_What is needed_
Restate word for word each line from the one containing "this 1288×966 image." through the end of the material, and nothing more. Drop every picture.

_Material provided_
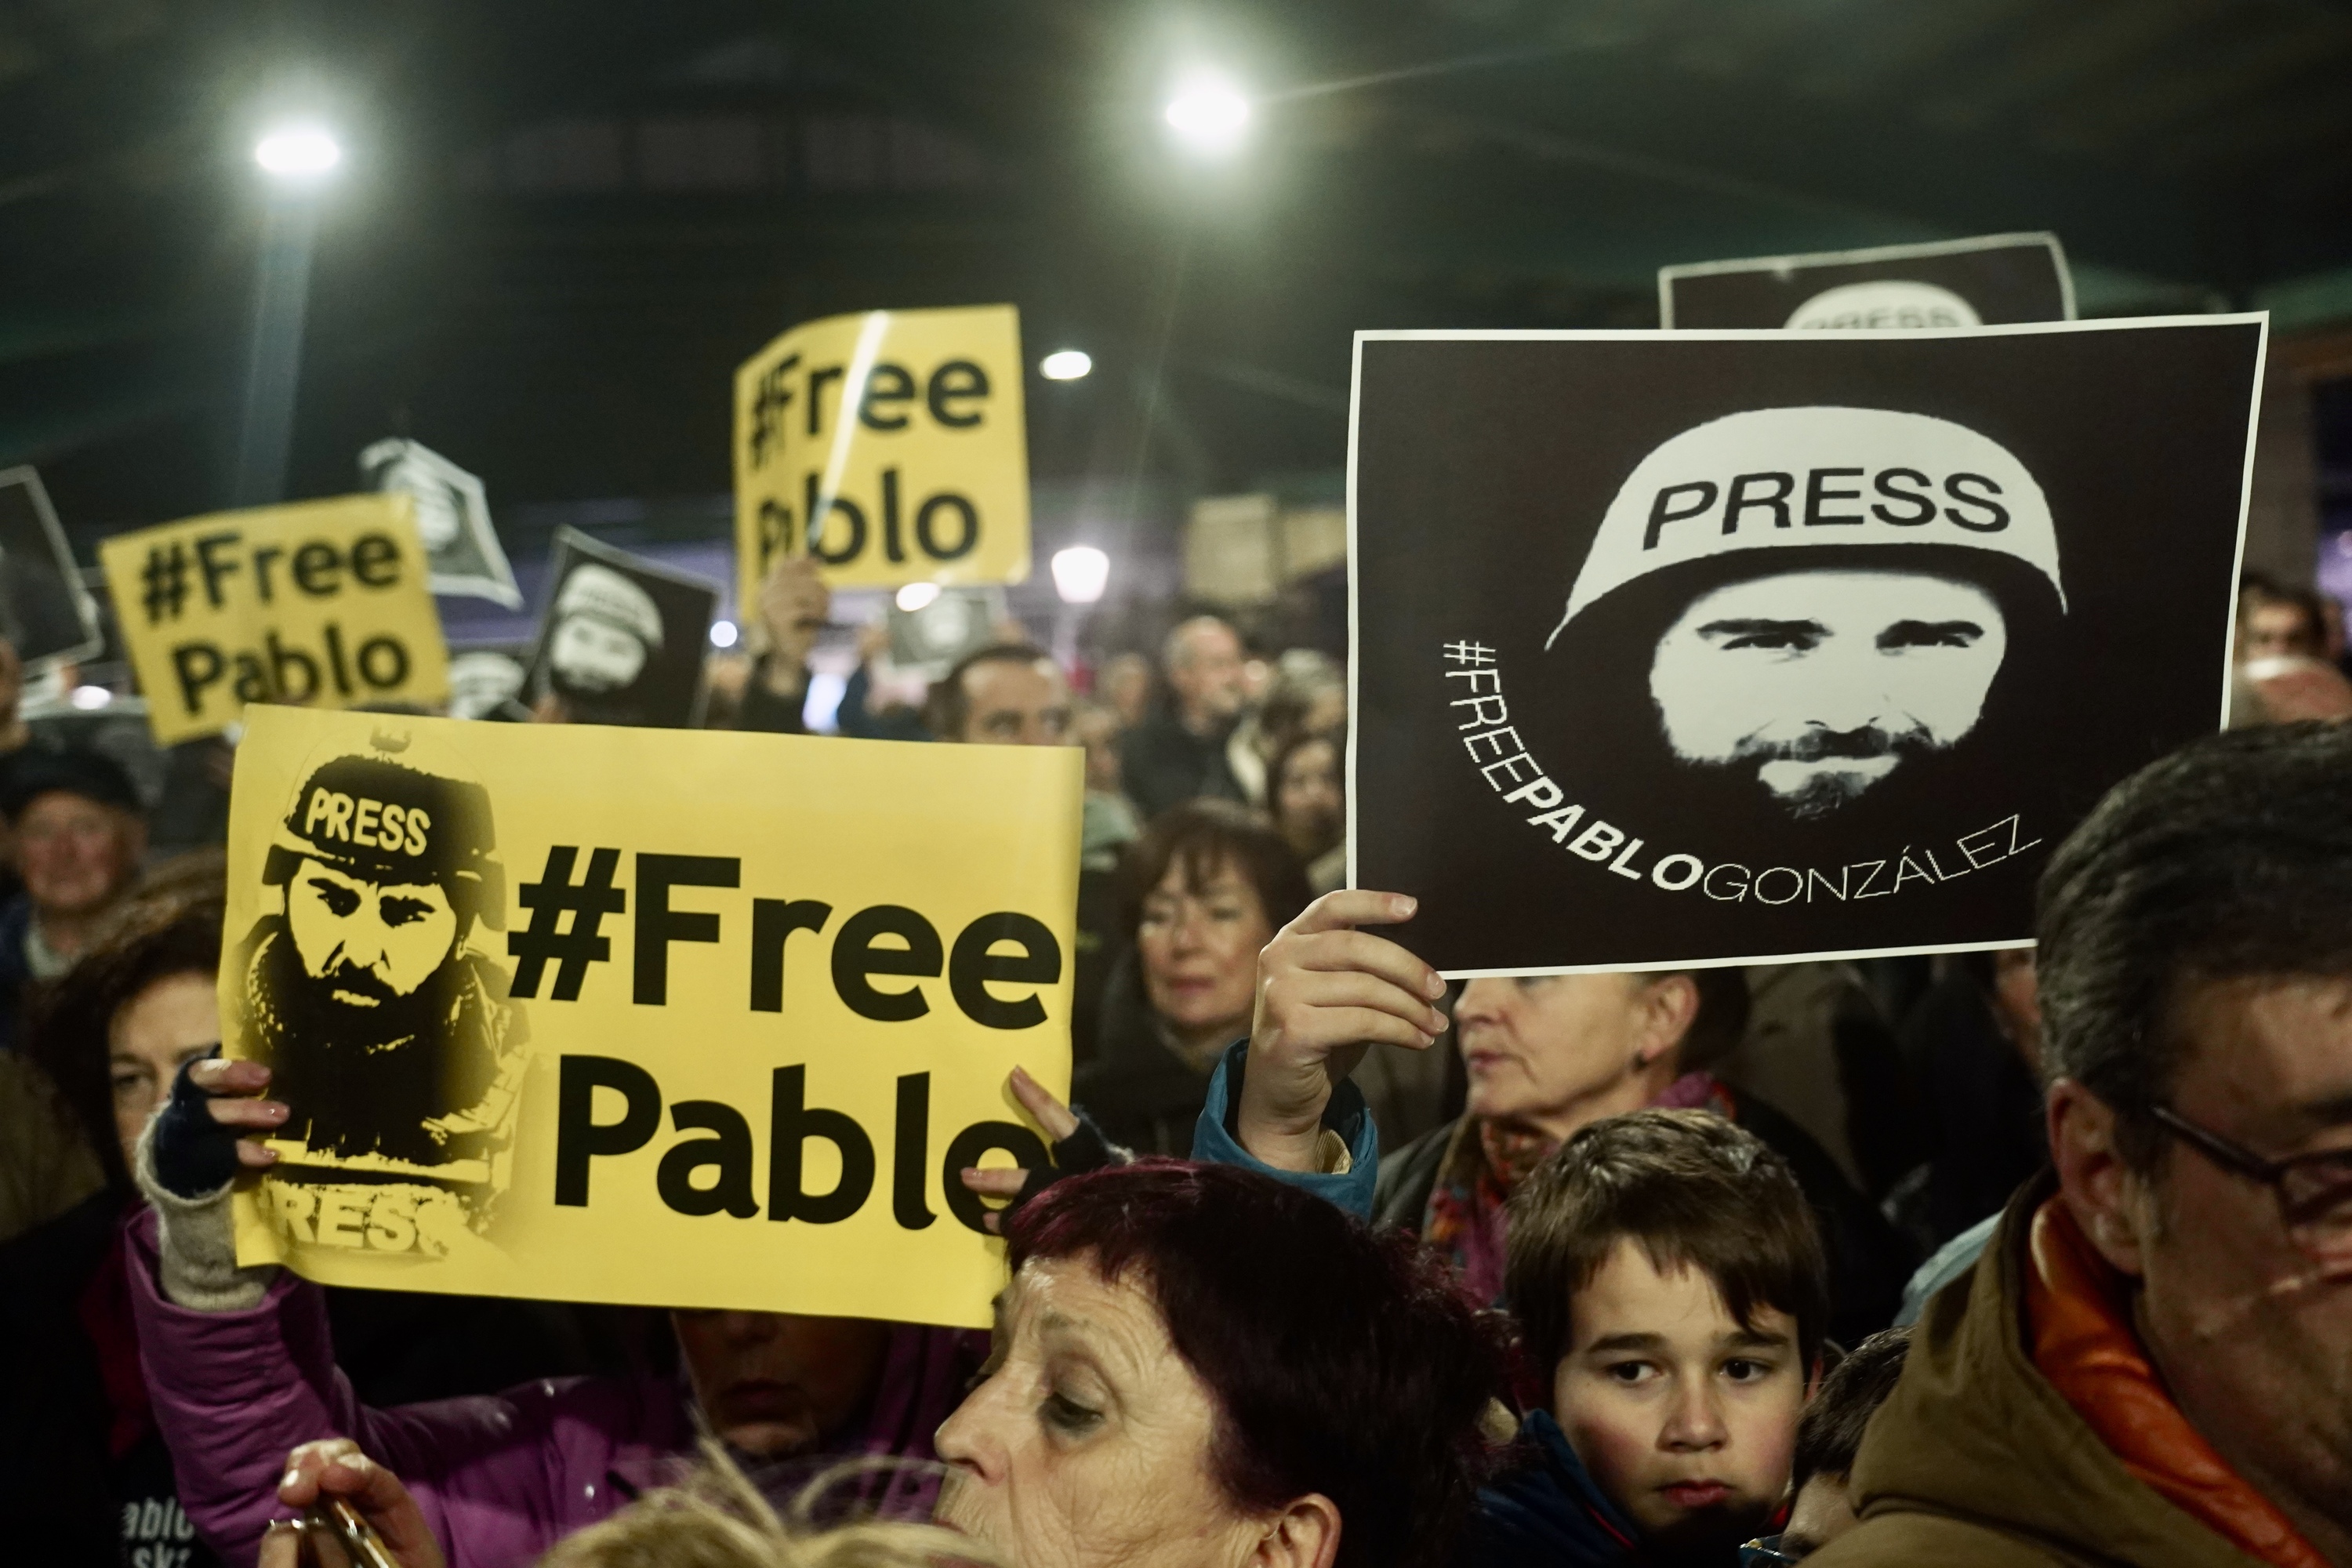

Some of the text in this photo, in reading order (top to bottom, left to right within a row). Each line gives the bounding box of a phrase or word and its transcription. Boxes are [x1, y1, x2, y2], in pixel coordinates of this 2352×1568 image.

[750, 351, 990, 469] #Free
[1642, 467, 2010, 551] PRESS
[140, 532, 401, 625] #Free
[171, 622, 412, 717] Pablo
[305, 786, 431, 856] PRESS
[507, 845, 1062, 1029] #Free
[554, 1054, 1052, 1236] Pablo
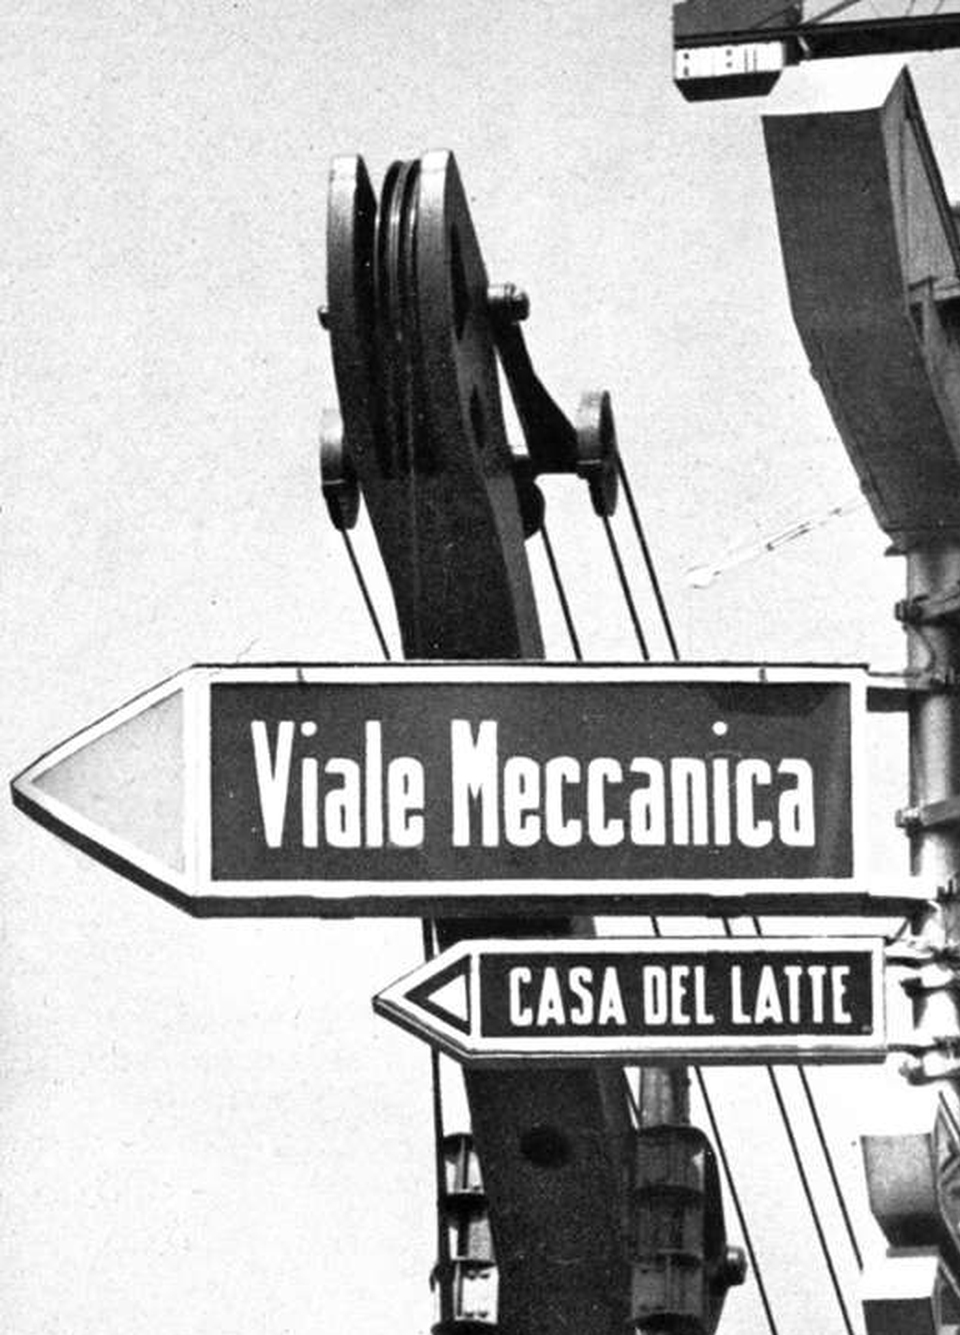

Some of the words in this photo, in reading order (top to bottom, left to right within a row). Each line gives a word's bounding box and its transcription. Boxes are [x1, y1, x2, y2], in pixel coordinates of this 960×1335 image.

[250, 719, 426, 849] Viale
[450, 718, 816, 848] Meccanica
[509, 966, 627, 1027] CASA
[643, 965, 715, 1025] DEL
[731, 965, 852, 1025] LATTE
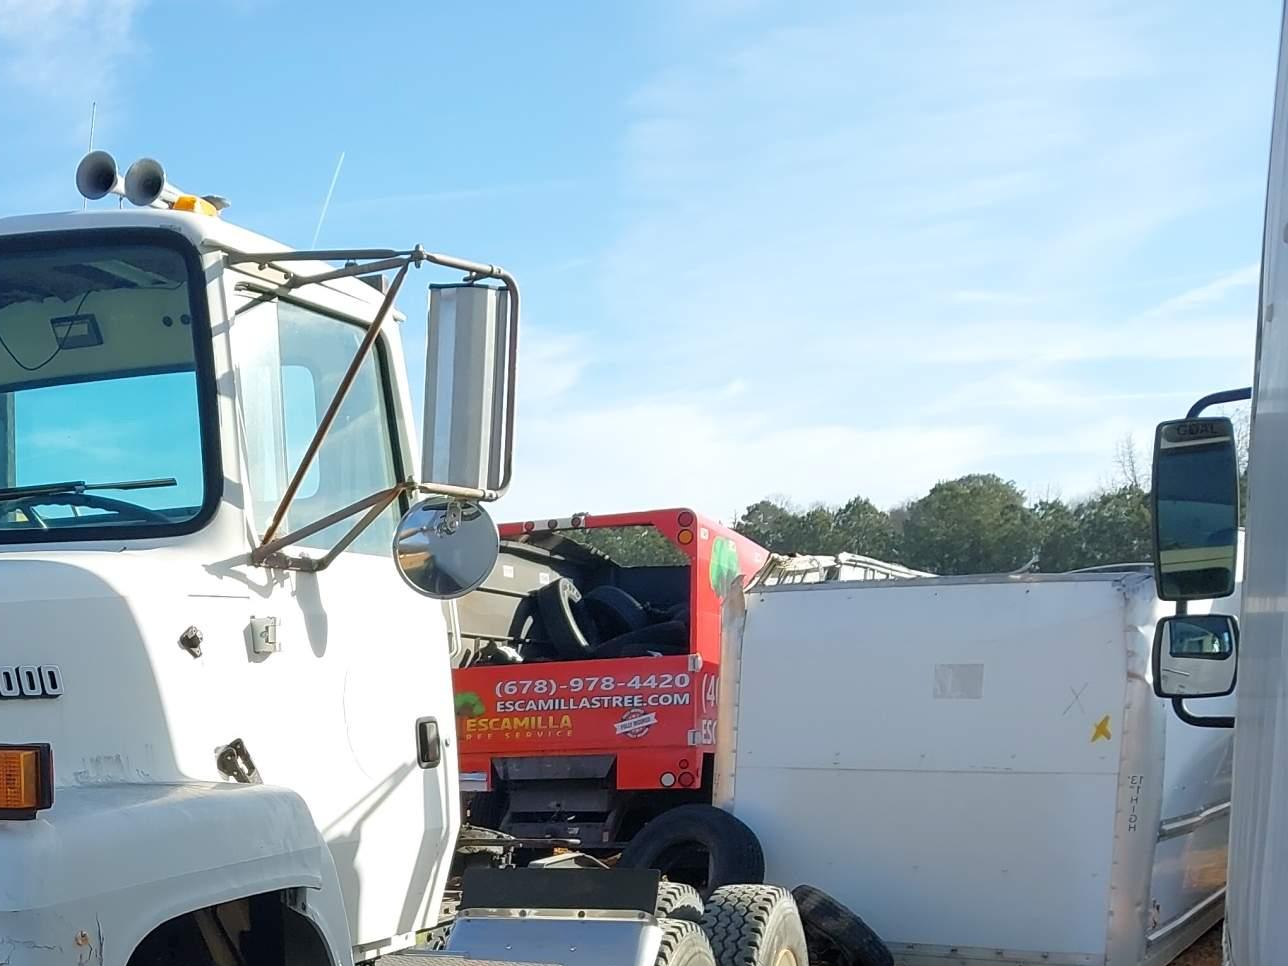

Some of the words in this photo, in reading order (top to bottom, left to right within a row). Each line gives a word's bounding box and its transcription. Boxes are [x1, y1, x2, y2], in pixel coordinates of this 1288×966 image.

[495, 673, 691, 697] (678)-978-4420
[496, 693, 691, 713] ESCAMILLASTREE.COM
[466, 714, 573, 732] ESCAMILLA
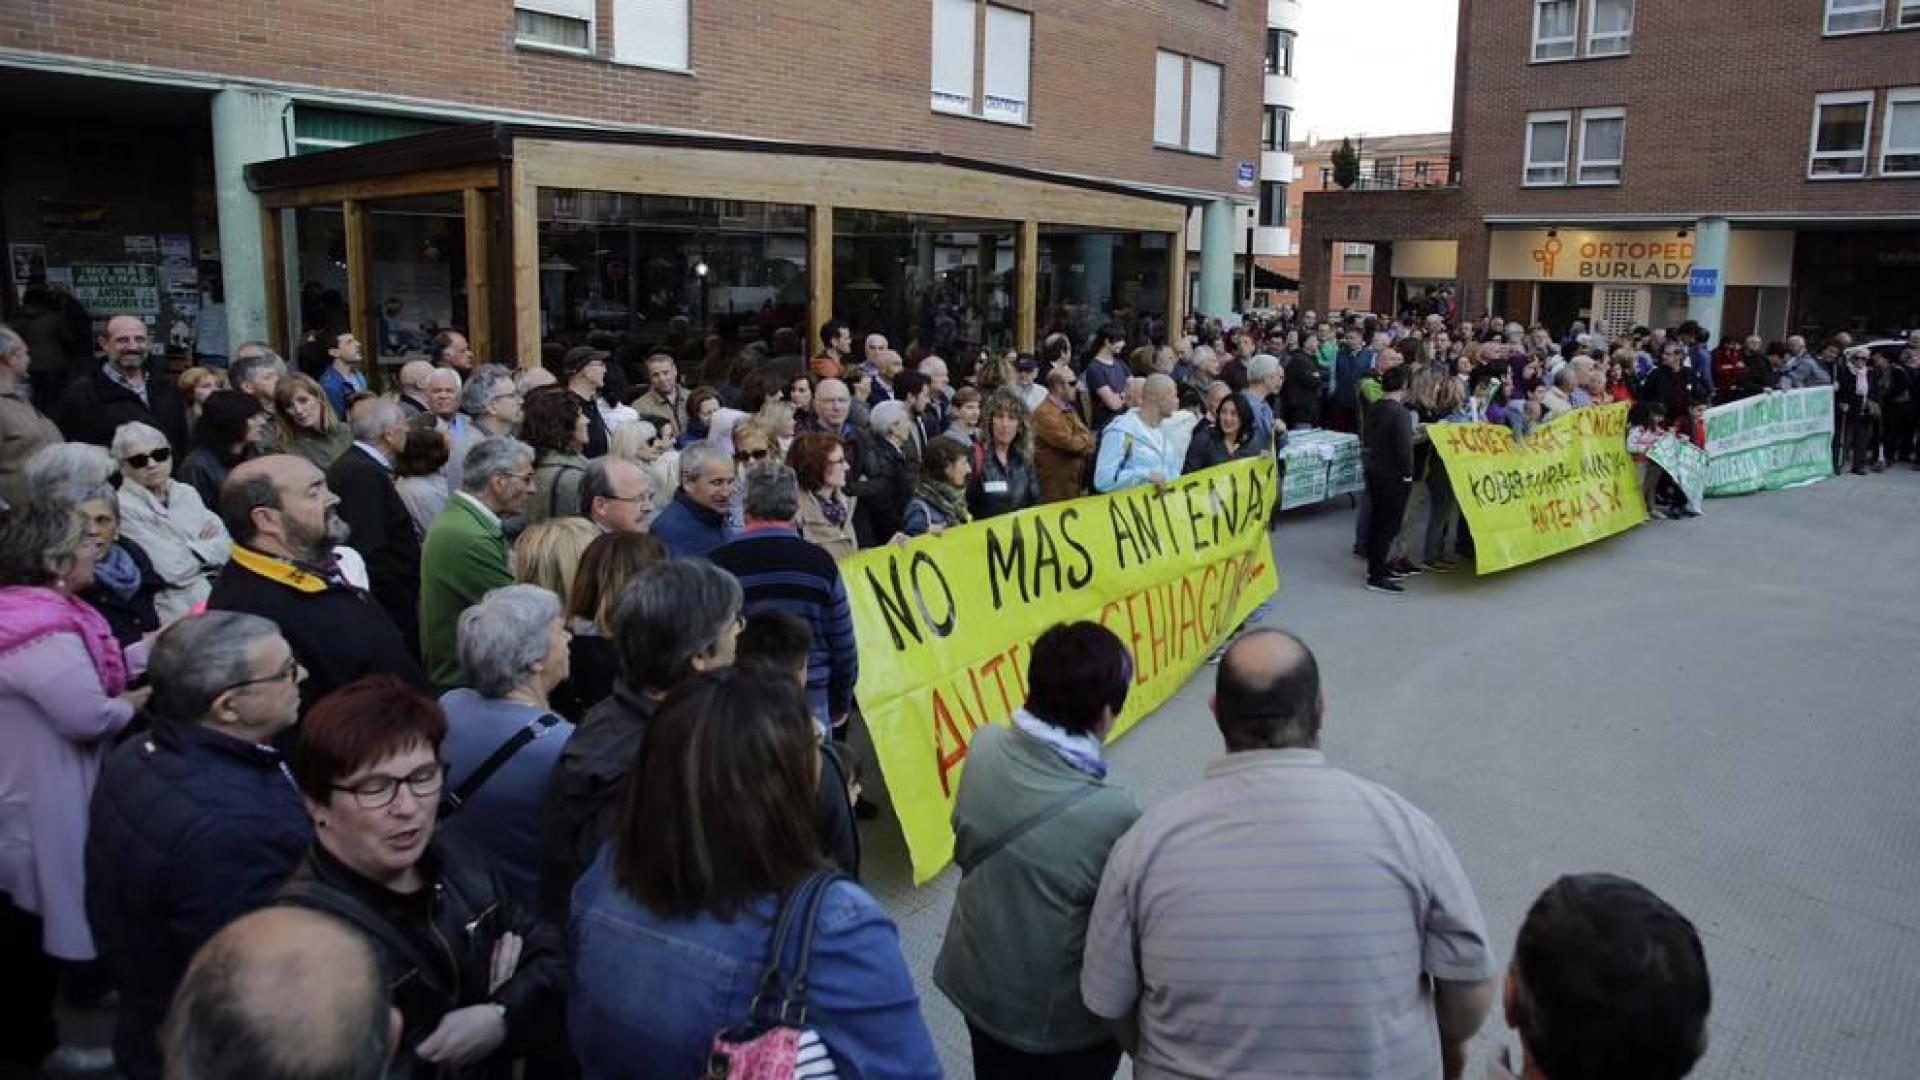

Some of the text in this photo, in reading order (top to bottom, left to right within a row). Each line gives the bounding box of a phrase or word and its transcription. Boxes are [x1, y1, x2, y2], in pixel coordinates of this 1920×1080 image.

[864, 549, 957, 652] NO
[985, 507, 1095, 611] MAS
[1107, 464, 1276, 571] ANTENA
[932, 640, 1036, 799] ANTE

_Answer box_
Some of the words in this photo, in reading order (top to bottom, left to right within a row). Each line gives a word's bounding box and its transcription. Boxes are [x1, y1, x2, y2], in pixel coordinates of this 1288×966 image.

[495, 673, 691, 697] (678)-978-4420
[496, 693, 691, 713] ESCAMILLASTREE.COM
[466, 714, 573, 732] ESCAMILLA

Some of the text in this photo, in reading order (top to bottom, left to right within a row). Each line gives the bounding box of a phrase or word and its transcription. Boxes are [x1, y1, x2, y2], in pixel coordinates of this 1920×1080 image.

[864, 549, 957, 652] NO
[985, 507, 1095, 611] MAS
[1107, 464, 1276, 571] ANTENA
[932, 640, 1036, 799] ANTE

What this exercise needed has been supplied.